**WHAT THE TASK ASKS:** Print the records below exactly, with no pictures.

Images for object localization
--*--

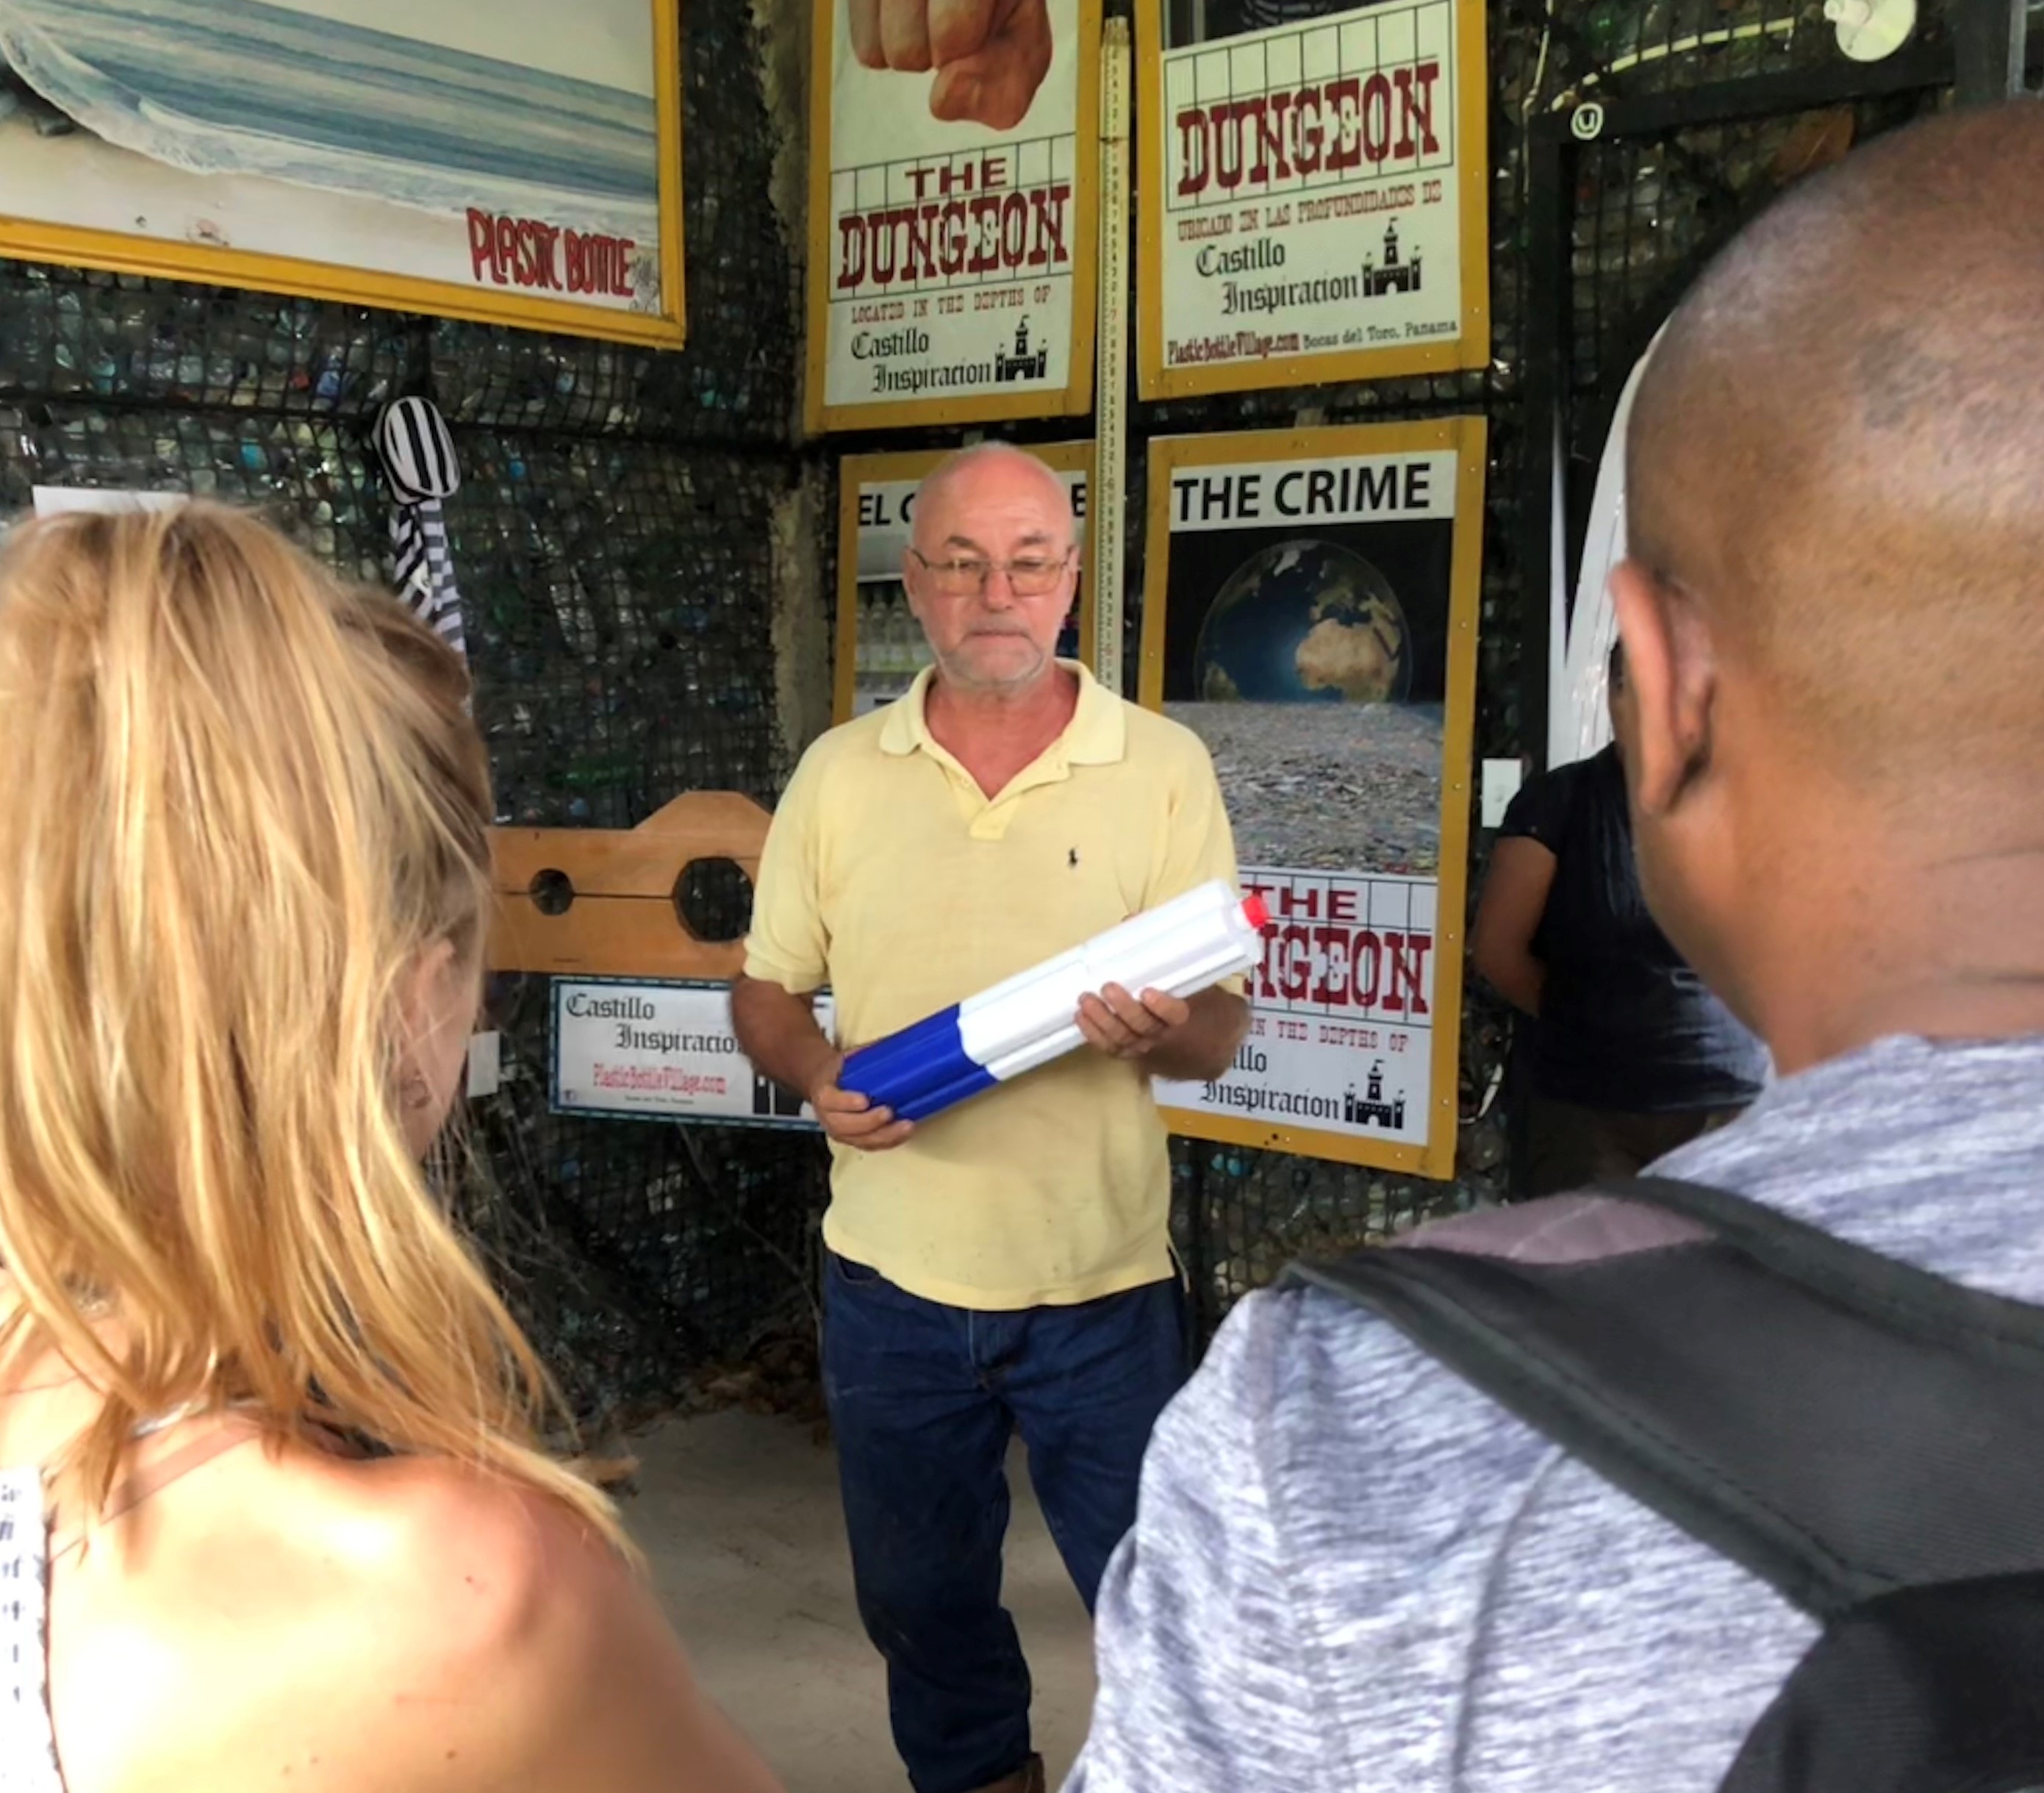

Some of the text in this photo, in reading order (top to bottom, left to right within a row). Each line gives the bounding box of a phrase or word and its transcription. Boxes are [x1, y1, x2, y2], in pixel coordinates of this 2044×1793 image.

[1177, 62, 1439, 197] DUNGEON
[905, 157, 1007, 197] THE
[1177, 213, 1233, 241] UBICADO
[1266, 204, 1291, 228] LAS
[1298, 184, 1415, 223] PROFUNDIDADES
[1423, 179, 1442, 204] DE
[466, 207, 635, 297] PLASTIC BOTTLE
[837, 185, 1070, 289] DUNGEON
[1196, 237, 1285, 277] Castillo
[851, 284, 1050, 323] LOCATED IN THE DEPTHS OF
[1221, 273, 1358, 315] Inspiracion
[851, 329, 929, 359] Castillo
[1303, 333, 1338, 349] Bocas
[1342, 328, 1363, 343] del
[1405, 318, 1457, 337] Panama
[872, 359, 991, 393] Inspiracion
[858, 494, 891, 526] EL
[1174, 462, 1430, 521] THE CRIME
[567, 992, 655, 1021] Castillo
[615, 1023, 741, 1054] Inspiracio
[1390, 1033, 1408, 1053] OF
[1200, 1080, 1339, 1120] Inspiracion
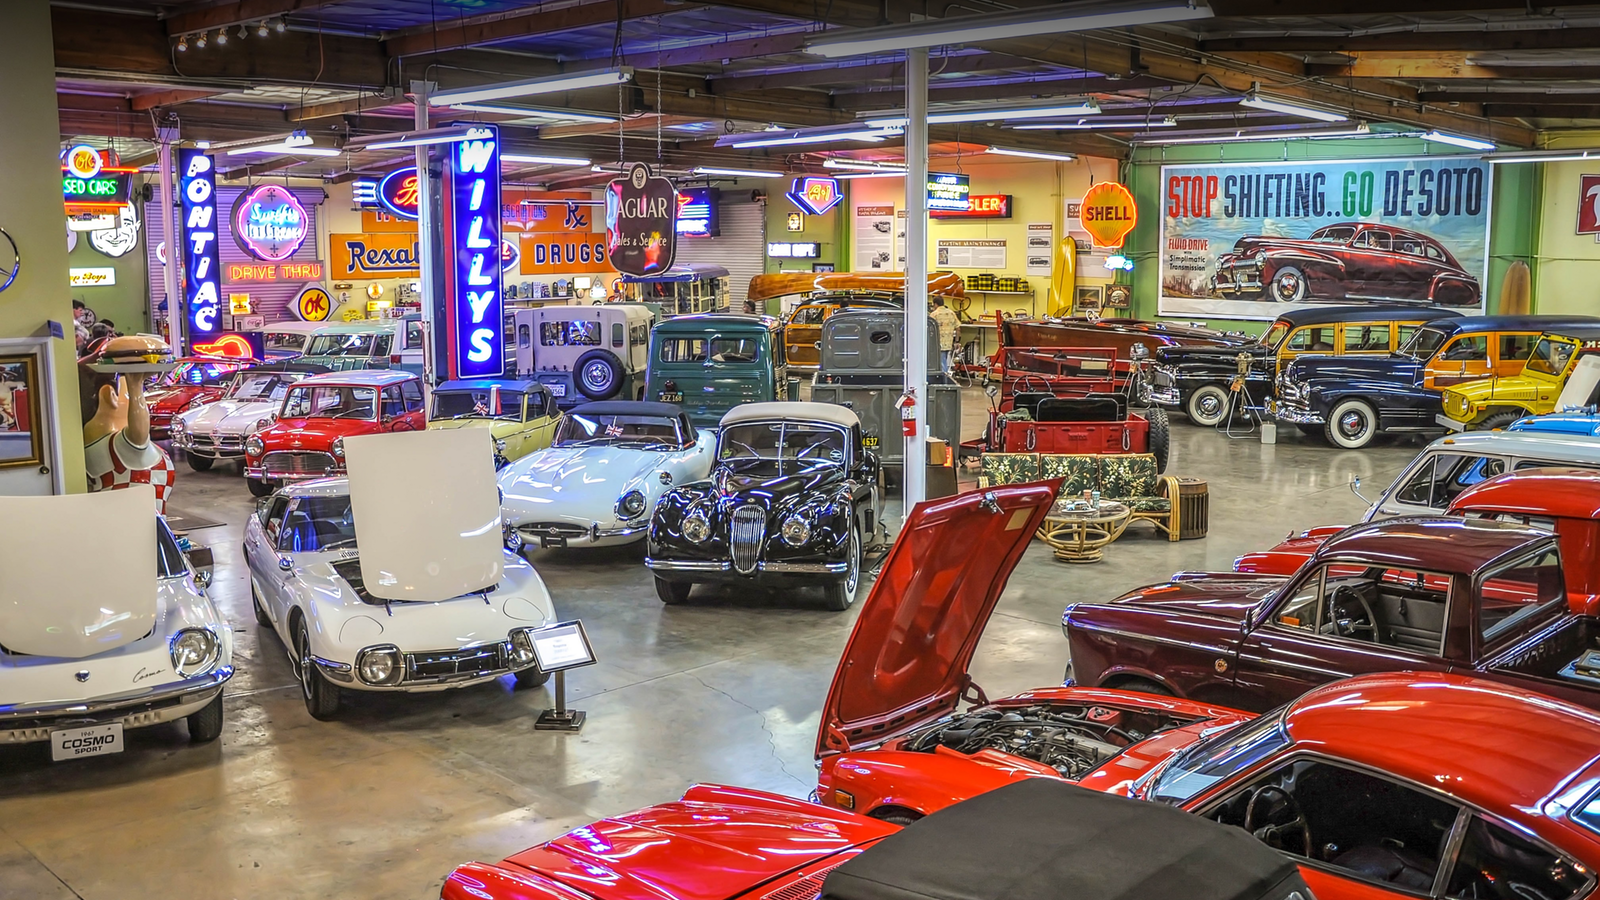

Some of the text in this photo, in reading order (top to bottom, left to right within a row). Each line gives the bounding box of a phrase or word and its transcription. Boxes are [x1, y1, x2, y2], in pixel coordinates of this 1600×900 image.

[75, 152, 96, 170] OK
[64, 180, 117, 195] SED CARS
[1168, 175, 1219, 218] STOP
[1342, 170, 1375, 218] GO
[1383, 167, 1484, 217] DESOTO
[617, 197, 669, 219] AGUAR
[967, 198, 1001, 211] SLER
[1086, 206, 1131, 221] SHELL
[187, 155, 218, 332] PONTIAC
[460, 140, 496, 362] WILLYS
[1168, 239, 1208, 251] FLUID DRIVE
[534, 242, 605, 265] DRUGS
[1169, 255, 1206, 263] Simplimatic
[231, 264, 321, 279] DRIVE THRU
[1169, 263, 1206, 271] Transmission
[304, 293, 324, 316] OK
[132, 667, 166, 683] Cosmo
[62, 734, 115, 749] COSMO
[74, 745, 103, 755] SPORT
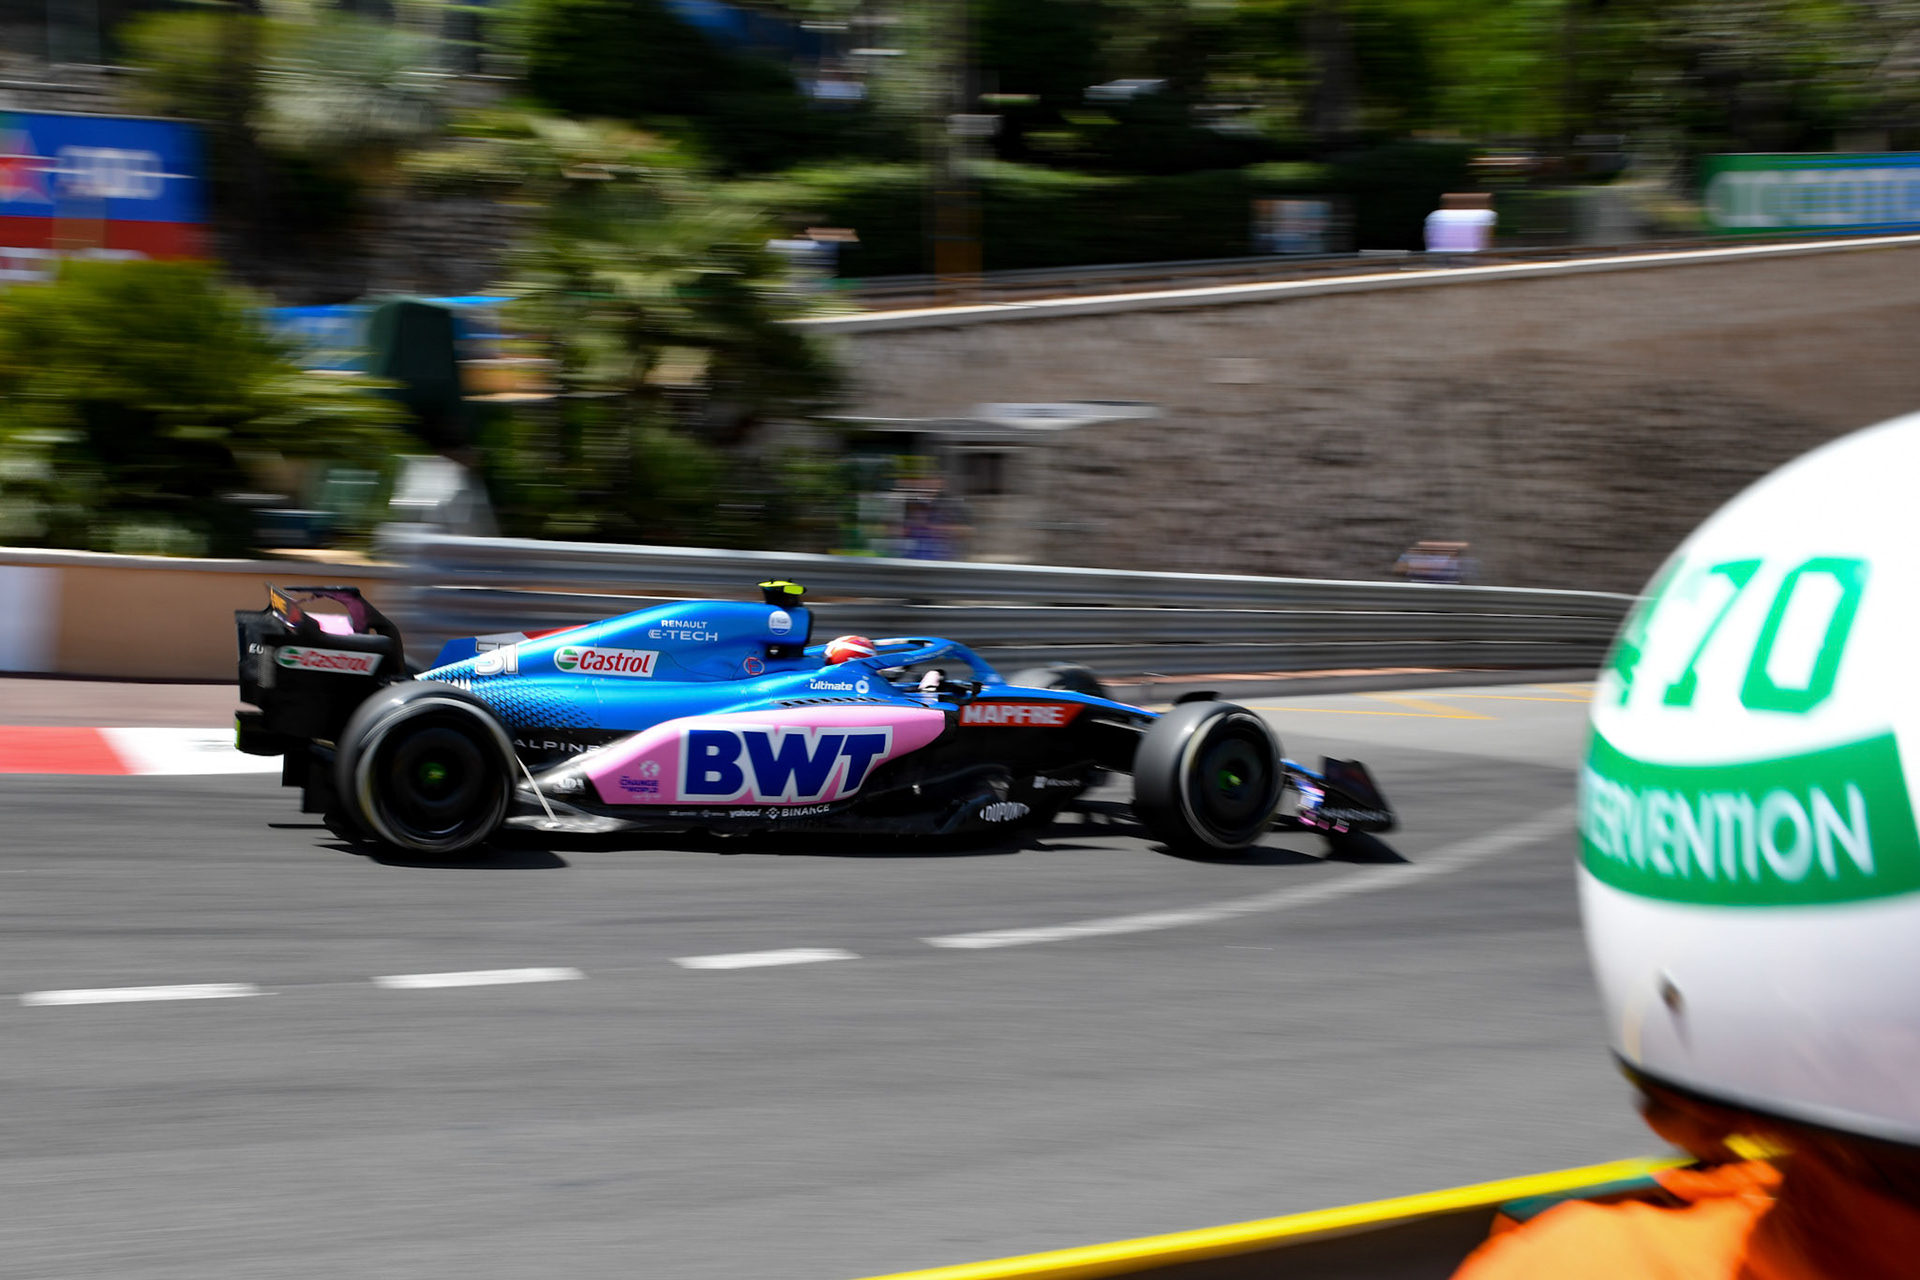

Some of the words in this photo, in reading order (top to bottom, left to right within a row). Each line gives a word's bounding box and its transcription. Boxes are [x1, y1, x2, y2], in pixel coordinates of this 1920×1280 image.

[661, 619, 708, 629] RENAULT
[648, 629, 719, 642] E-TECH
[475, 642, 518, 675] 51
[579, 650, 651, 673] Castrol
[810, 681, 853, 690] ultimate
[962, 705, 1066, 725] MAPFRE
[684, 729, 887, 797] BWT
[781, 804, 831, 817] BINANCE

--*--

**EXERCISE ANSWER:**
Some of the text in this photo, in reading order (top to bottom, left to right within a row). Each line gives the bounding box of a phrase or word and its transcription. Boxes are [x1, y1, x2, y2], in pixel coordinates of this 2044×1793 image.

[1177, 62, 1439, 197] DUNGEON
[905, 157, 1007, 197] THE
[1177, 213, 1233, 241] UBICADO
[1266, 204, 1291, 228] LAS
[1298, 184, 1415, 223] PROFUNDIDADES
[1423, 179, 1442, 204] DE
[466, 207, 635, 297] PLASTIC BOTTLE
[837, 185, 1070, 289] DUNGEON
[1196, 237, 1285, 277] Castillo
[851, 284, 1050, 323] LOCATED IN THE DEPTHS OF
[1221, 273, 1358, 315] Inspiracion
[851, 329, 929, 359] Castillo
[1303, 333, 1338, 349] Bocas
[1342, 328, 1363, 343] del
[1405, 318, 1457, 337] Panama
[872, 359, 991, 393] Inspiracion
[858, 494, 891, 526] EL
[1174, 462, 1430, 521] THE CRIME
[567, 992, 655, 1021] Castillo
[615, 1023, 741, 1054] Inspiracio
[1390, 1033, 1408, 1053] OF
[1200, 1080, 1339, 1120] Inspiracion

Some of the text in this photo, in reading order (top to bottom, left to right within a row). Each line gives the bounding box of a phrase or word and its transcription. Boxes are [x1, y1, x2, y2], in pixel coordinates of this 1600×900 image.

[75, 152, 96, 170] OK
[64, 180, 117, 195] SED CARS
[1168, 175, 1219, 218] STOP
[1342, 170, 1375, 218] GO
[1383, 167, 1484, 217] DESOTO
[617, 197, 669, 219] AGUAR
[967, 198, 1001, 211] SLER
[1086, 206, 1131, 221] SHELL
[187, 155, 218, 332] PONTIAC
[460, 140, 496, 362] WILLYS
[1168, 239, 1208, 251] FLUID DRIVE
[534, 242, 605, 265] DRUGS
[1169, 255, 1206, 263] Simplimatic
[231, 264, 321, 279] DRIVE THRU
[1169, 263, 1206, 271] Transmission
[304, 293, 324, 316] OK
[132, 667, 166, 683] Cosmo
[62, 734, 115, 749] COSMO
[74, 745, 103, 755] SPORT

Some of the words in this photo, in reading order (top to bottom, left to right within a row). Each line gives a word's bounding box and its transcription. Boxes are [x1, y1, x2, y2], in pixel coordinates of this 1920×1280 image.

[661, 619, 708, 629] RENAULT
[648, 629, 719, 642] E-TECH
[475, 642, 518, 675] 51
[579, 650, 651, 673] Castrol
[810, 681, 853, 690] ultimate
[962, 705, 1066, 725] MAPFRE
[684, 729, 887, 797] BWT
[781, 804, 831, 817] BINANCE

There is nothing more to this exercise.